-- What you have to do --
Copy exactly the lines from the one containing "this 1280×1709 image." through the last line of the records, both included, and nothing more.

-- Information provided --
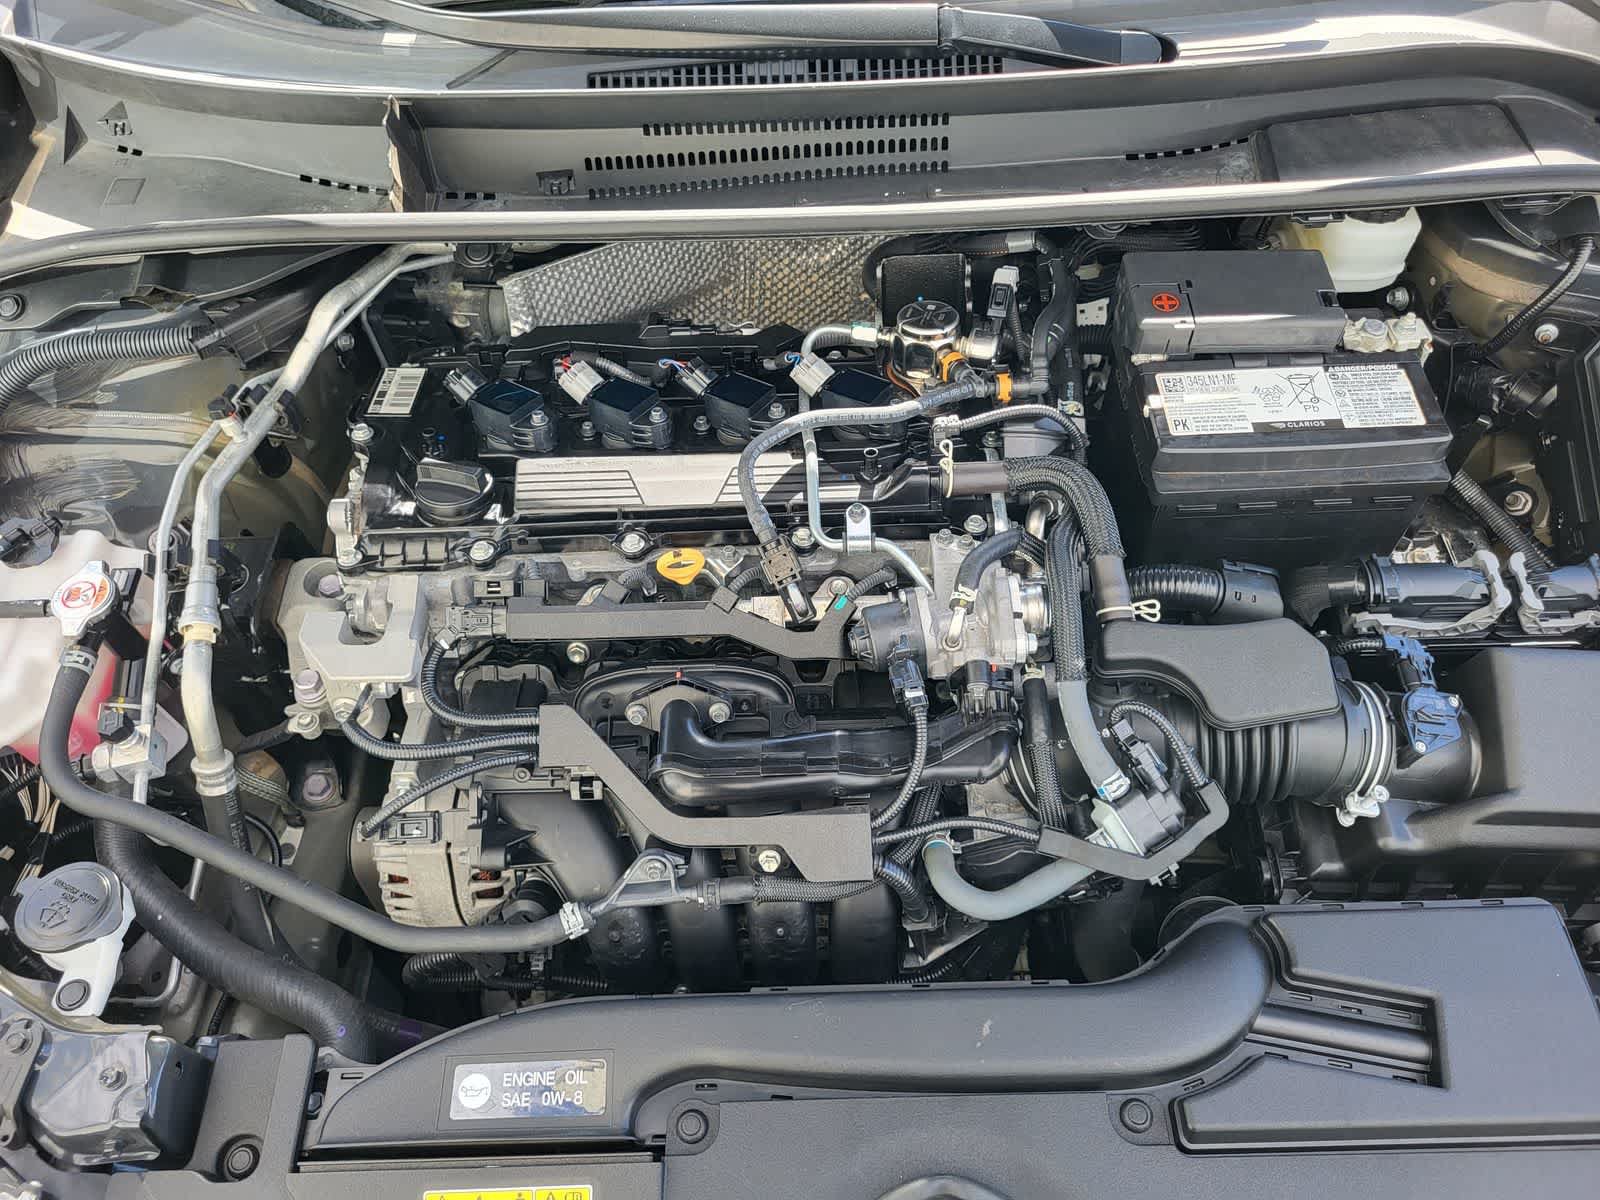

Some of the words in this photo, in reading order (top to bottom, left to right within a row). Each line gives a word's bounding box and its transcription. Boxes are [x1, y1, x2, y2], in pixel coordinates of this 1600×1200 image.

[1186, 373, 1237, 387] 345LN1-MF
[1303, 404, 1319, 412] Pb
[1173, 419, 1190, 431] PK
[502, 1071, 556, 1087] ENGINE
[565, 1070, 588, 1085] OIL
[502, 1092, 531, 1107] SAE
[542, 1090, 583, 1106] 0W-8
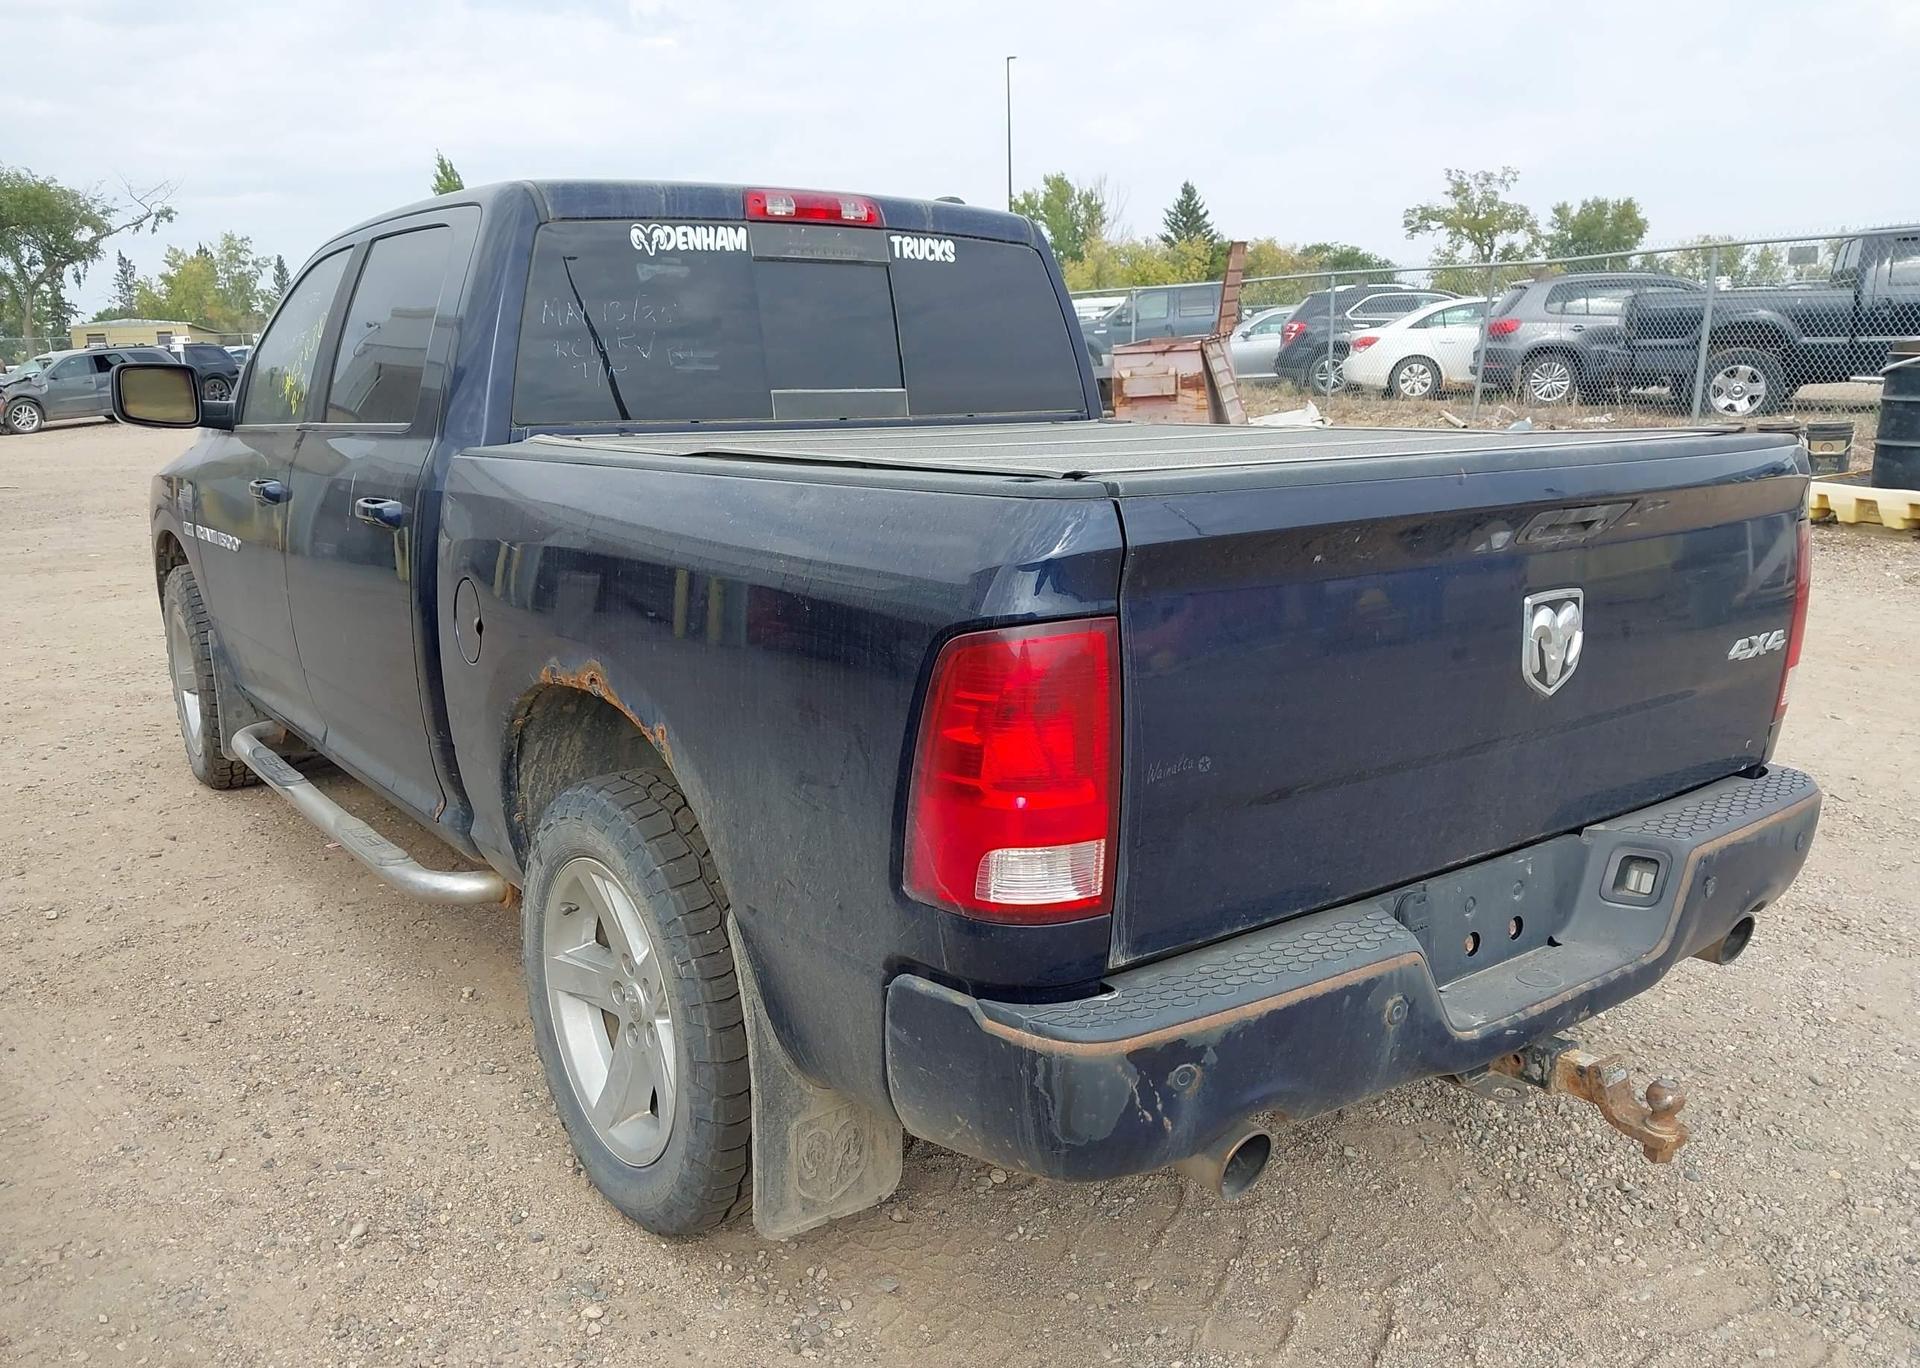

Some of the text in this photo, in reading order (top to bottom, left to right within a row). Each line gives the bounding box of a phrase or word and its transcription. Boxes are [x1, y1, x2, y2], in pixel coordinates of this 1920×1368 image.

[662, 225, 748, 252] DENHAM
[889, 234, 957, 264] TRUCKS
[1727, 629, 1787, 661] 4X4
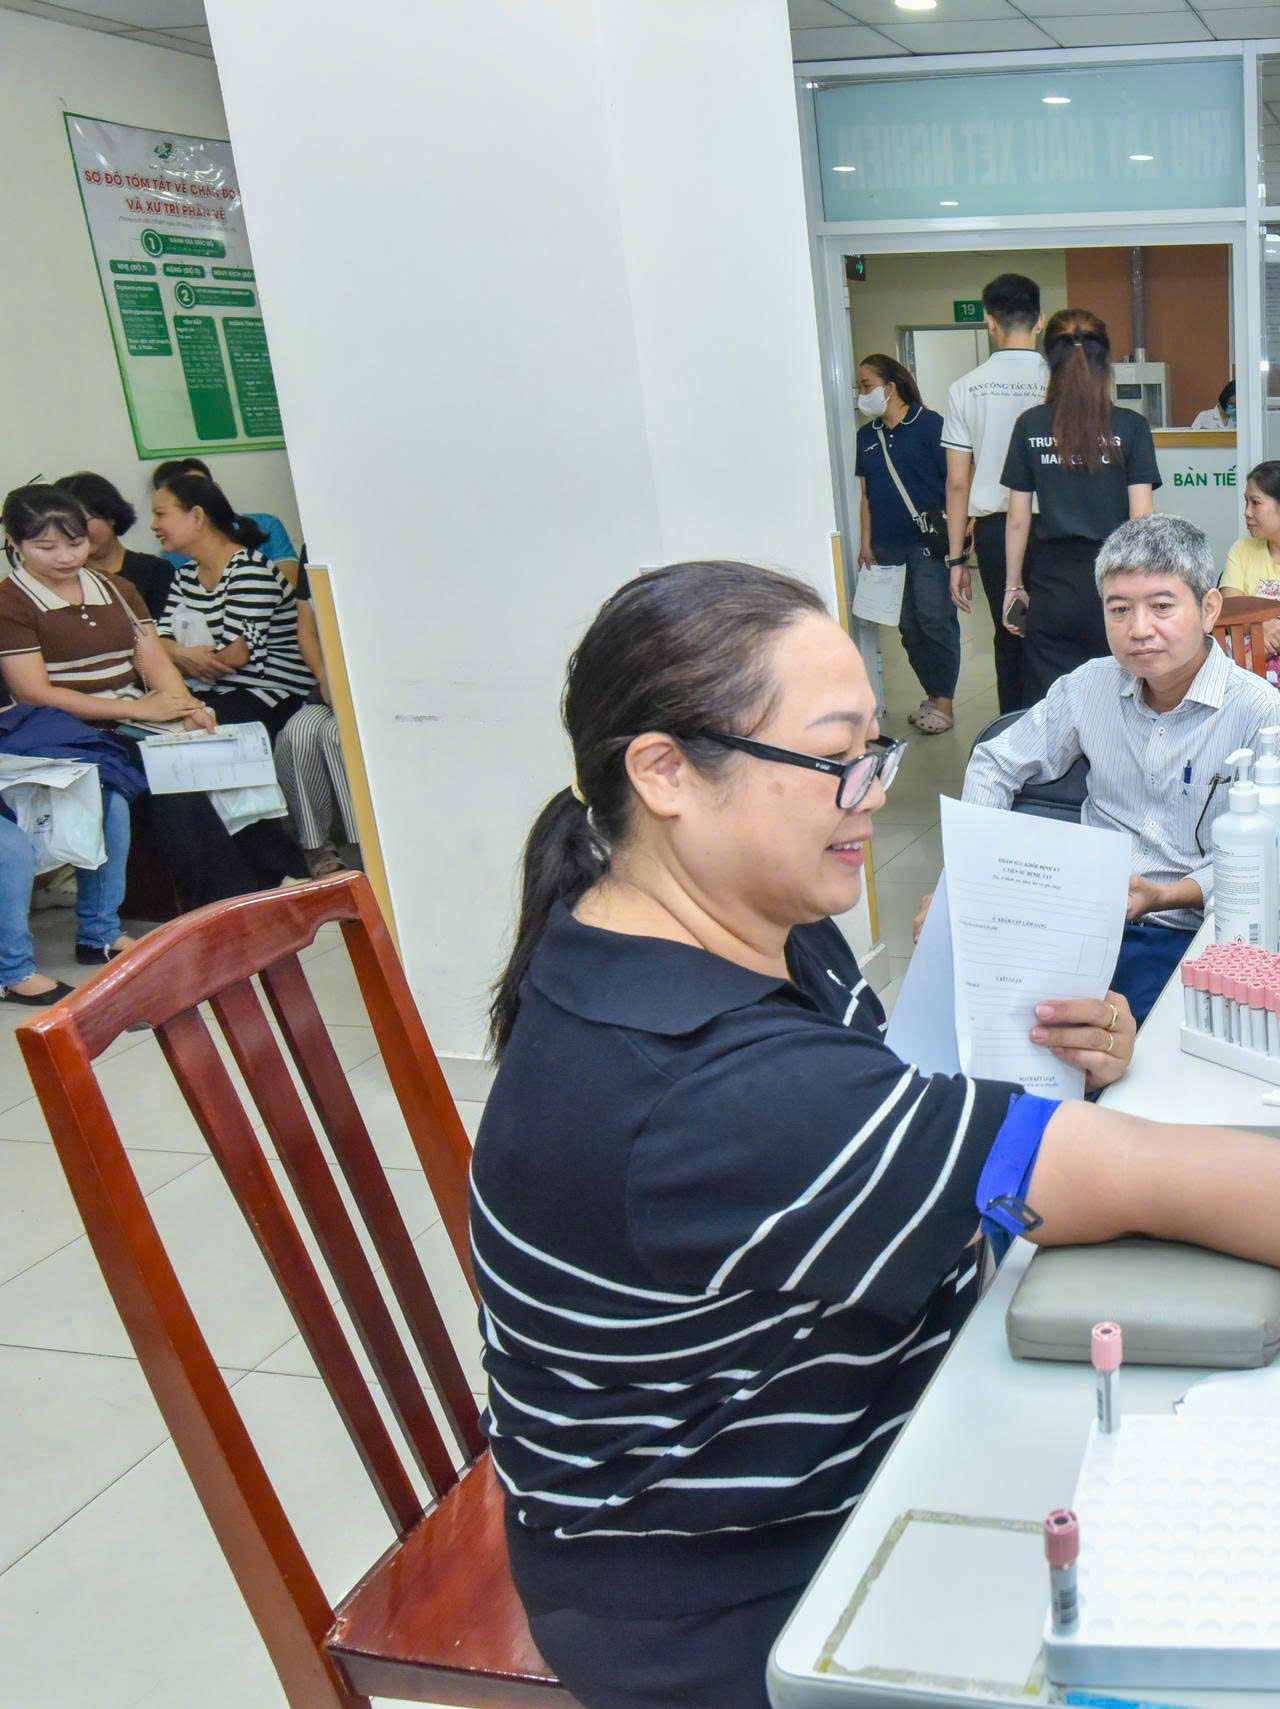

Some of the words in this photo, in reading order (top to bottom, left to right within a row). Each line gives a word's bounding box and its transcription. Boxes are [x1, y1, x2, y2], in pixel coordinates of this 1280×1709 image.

[182, 290, 190, 301] 2
[961, 303, 976, 316] 19
[1174, 466, 1207, 487] BÀN

-- Exercise result --
Some of the words in this photo, in reading order (top to bottom, left to right within a row). Each line gives a word's bounding box and its transcription. Boxes are [x1, y1, x2, y2], in pixel coordinates of this 1280×1709 image.

[182, 290, 190, 301] 2
[961, 303, 976, 316] 19
[1174, 466, 1207, 487] BÀN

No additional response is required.